Start of Study material

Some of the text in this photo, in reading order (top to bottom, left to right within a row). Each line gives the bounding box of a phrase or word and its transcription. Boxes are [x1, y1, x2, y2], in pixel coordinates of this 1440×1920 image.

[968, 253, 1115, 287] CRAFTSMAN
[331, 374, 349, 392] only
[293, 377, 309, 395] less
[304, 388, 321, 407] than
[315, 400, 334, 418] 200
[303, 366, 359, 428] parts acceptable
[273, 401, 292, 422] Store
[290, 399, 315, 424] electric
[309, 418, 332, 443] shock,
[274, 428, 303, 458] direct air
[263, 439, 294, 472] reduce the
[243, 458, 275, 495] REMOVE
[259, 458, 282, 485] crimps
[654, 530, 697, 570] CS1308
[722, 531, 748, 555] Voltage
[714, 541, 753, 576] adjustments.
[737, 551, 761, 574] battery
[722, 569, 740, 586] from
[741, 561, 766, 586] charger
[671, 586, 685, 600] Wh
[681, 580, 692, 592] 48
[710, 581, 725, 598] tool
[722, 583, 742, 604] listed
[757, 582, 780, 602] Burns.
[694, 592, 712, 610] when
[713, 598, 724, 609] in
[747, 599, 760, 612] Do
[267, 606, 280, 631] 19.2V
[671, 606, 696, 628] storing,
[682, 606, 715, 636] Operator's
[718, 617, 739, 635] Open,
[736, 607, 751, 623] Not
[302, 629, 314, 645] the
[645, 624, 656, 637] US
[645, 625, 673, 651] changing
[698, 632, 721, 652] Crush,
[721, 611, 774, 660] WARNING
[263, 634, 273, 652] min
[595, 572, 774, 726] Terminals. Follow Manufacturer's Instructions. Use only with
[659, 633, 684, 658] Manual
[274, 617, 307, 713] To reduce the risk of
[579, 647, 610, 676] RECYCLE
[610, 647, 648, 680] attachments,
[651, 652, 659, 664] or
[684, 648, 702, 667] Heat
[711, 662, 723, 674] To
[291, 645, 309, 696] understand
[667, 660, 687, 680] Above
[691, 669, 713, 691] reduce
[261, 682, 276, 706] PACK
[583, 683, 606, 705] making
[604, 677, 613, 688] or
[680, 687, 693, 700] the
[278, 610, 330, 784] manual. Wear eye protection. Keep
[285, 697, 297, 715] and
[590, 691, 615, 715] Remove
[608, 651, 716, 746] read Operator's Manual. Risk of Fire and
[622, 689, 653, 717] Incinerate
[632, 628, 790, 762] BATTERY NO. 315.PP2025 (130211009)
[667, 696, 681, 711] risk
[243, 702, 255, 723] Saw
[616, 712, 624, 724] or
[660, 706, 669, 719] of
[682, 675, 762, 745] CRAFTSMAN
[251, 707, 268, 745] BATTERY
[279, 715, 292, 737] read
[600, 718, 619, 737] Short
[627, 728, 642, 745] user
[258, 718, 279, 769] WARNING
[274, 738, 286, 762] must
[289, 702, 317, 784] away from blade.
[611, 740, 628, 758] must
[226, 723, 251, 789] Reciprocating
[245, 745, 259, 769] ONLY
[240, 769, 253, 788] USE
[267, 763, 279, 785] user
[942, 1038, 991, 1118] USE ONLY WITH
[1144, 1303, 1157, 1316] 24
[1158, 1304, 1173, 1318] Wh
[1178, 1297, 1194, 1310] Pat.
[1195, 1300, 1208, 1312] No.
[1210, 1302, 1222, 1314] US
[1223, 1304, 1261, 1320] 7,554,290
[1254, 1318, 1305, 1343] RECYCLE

End of Study material

Problem
The entire listing needs to be output again, exactly, please.

Solved exercise
Some of the text in this photo, in reading order (top to bottom, left to right within a row). Each line gives the bounding box of a phrase or word and its transcription. Boxes are [x1, y1, x2, y2], in pixel coordinates of this 1440×1920 image.

[968, 253, 1115, 287] CRAFTSMAN
[331, 374, 349, 392] only
[293, 377, 309, 395] less
[304, 388, 321, 407] than
[315, 400, 334, 418] 200
[303, 366, 359, 428] parts acceptable
[273, 401, 292, 422] Store
[290, 399, 315, 424] electric
[309, 418, 332, 443] shock,
[274, 428, 303, 458] direct air
[263, 439, 294, 472] reduce the
[243, 458, 275, 495] REMOVE
[259, 458, 282, 485] crimps
[654, 530, 697, 570] CS1308
[722, 531, 748, 555] Voltage
[714, 541, 753, 576] adjustments.
[737, 551, 761, 574] battery
[722, 569, 740, 586] from
[741, 561, 766, 586] charger
[671, 586, 685, 600] Wh
[681, 580, 692, 592] 48
[710, 581, 725, 598] tool
[722, 583, 742, 604] listed
[757, 582, 780, 602] Burns.
[694, 592, 712, 610] when
[713, 598, 724, 609] in
[747, 599, 760, 612] Do
[267, 606, 280, 631] 19.2V
[671, 606, 696, 628] storing,
[682, 606, 715, 636] Operator's
[718, 617, 739, 635] Open,
[736, 607, 751, 623] Not
[302, 629, 314, 645] the
[645, 624, 656, 637] US
[645, 625, 673, 651] changing
[698, 632, 721, 652] Crush,
[721, 611, 774, 660] WARNING
[263, 634, 273, 652] min
[595, 572, 774, 726] Terminals. Follow Manufacturer's Instructions. Use only with
[659, 633, 684, 658] Manual
[274, 617, 307, 713] To reduce the risk of
[579, 647, 610, 676] RECYCLE
[610, 647, 648, 680] attachments,
[651, 652, 659, 664] or
[684, 648, 702, 667] Heat
[711, 662, 723, 674] To
[291, 645, 309, 696] understand
[667, 660, 687, 680] Above
[691, 669, 713, 691] reduce
[261, 682, 276, 706] PACK
[583, 683, 606, 705] making
[604, 677, 613, 688] or
[680, 687, 693, 700] the
[278, 610, 330, 784] manual. Wear eye protection. Keep
[285, 697, 297, 715] and
[590, 691, 615, 715] Remove
[608, 651, 716, 746] read Operator's Manual. Risk of Fire and
[622, 689, 653, 717] Incinerate
[632, 628, 790, 762] BATTERY NO. 315.PP2025 (130211009)
[667, 696, 681, 711] risk
[243, 702, 255, 723] Saw
[616, 712, 624, 724] or
[660, 706, 669, 719] of
[682, 675, 762, 745] CRAFTSMAN
[251, 707, 268, 745] BATTERY
[279, 715, 292, 737] read
[600, 718, 619, 737] Short
[627, 728, 642, 745] user
[258, 718, 279, 769] WARNING
[274, 738, 286, 762] must
[289, 702, 317, 784] away from blade.
[611, 740, 628, 758] must
[226, 723, 251, 789] Reciprocating
[245, 745, 259, 769] ONLY
[240, 769, 253, 788] USE
[267, 763, 279, 785] user
[942, 1038, 991, 1118] USE ONLY WITH
[1144, 1303, 1157, 1316] 24
[1158, 1304, 1173, 1318] Wh
[1178, 1297, 1194, 1310] Pat.
[1195, 1300, 1208, 1312] No.
[1210, 1302, 1222, 1314] US
[1223, 1304, 1261, 1320] 7,554,290
[1254, 1318, 1305, 1343] RECYCLE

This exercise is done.